- World Under 21 Championship: ← 20222024 →

= 2023 SGP2 =

World speedway event

The 2023 SGP2 series was the 47th edition of the FIM Individual Under-21 World Championship. It was staged as the SGP2 class of the FIM Speedway Grand Prix series after rights holders Discovery Sports Events took over promotional rights of the competition in 2022.

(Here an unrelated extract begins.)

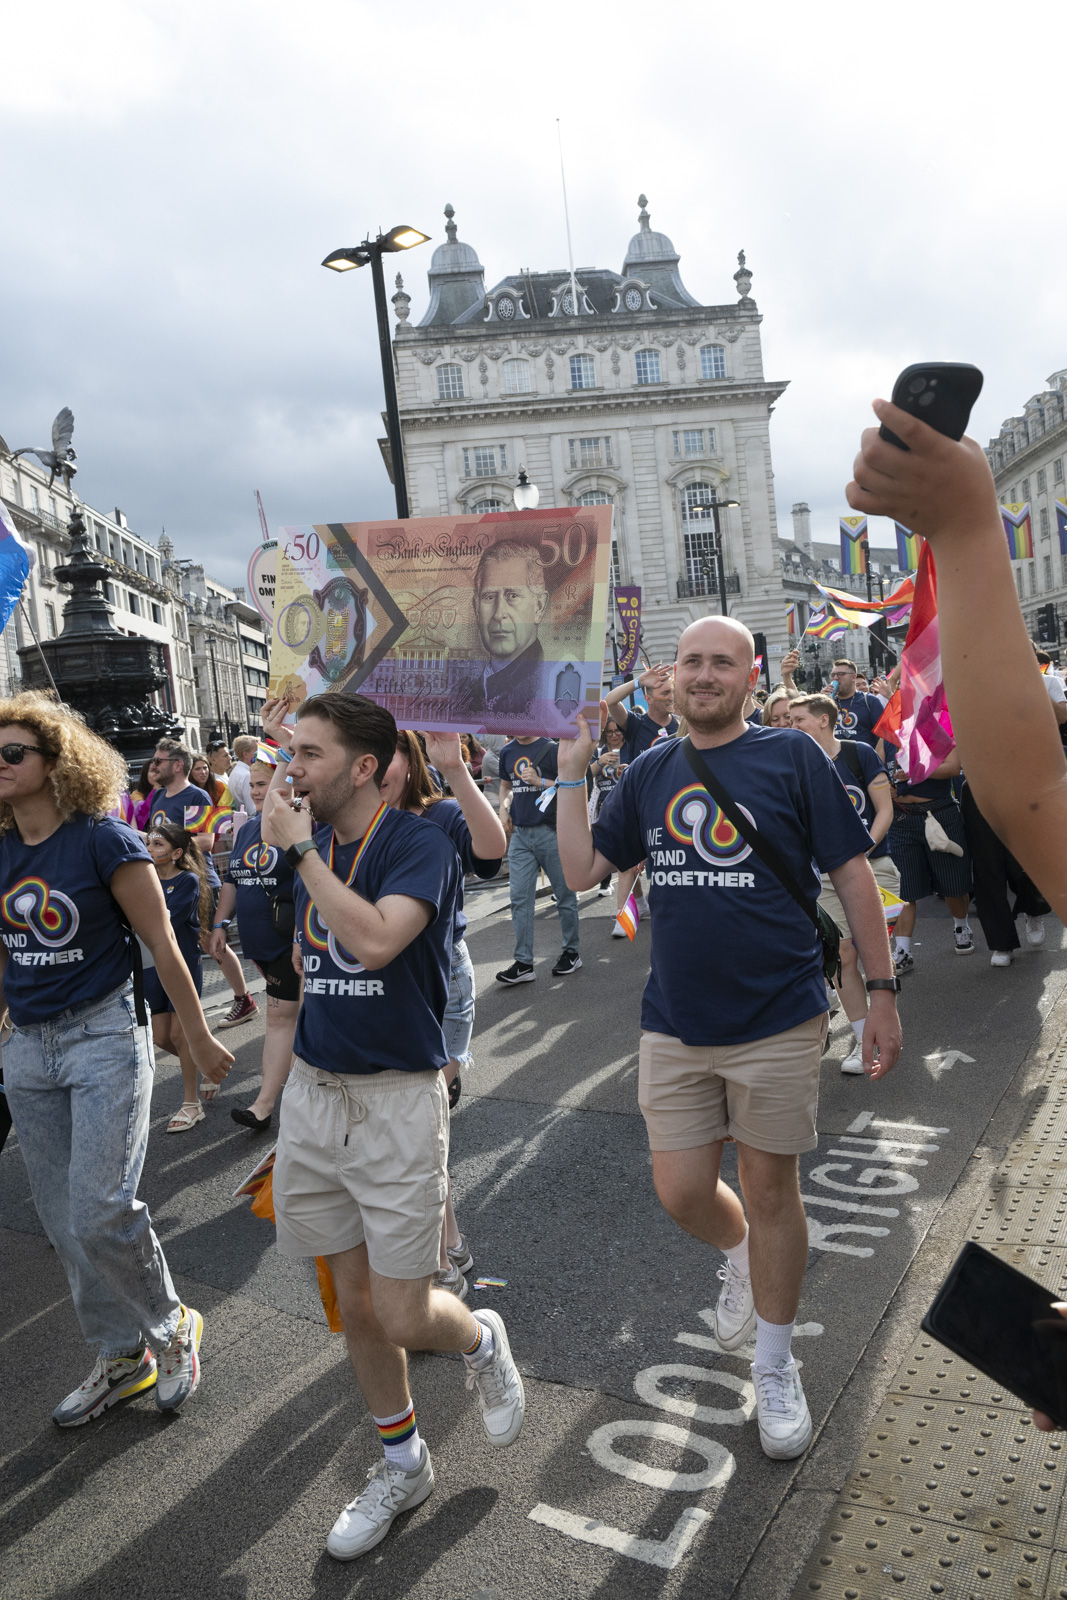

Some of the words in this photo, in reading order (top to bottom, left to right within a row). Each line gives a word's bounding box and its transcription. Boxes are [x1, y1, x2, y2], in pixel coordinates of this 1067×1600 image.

The three qualifying rounds were staged at Krško, Pardubice and Vojens on 20 May. Four qualifiers from each qualifying heat progressed to the main event. Three wildcards were chosen for the main event, in addition to the 12 qualifiers; they were Mathias Pollestad, Anže Grmek and Petr Chlupáč.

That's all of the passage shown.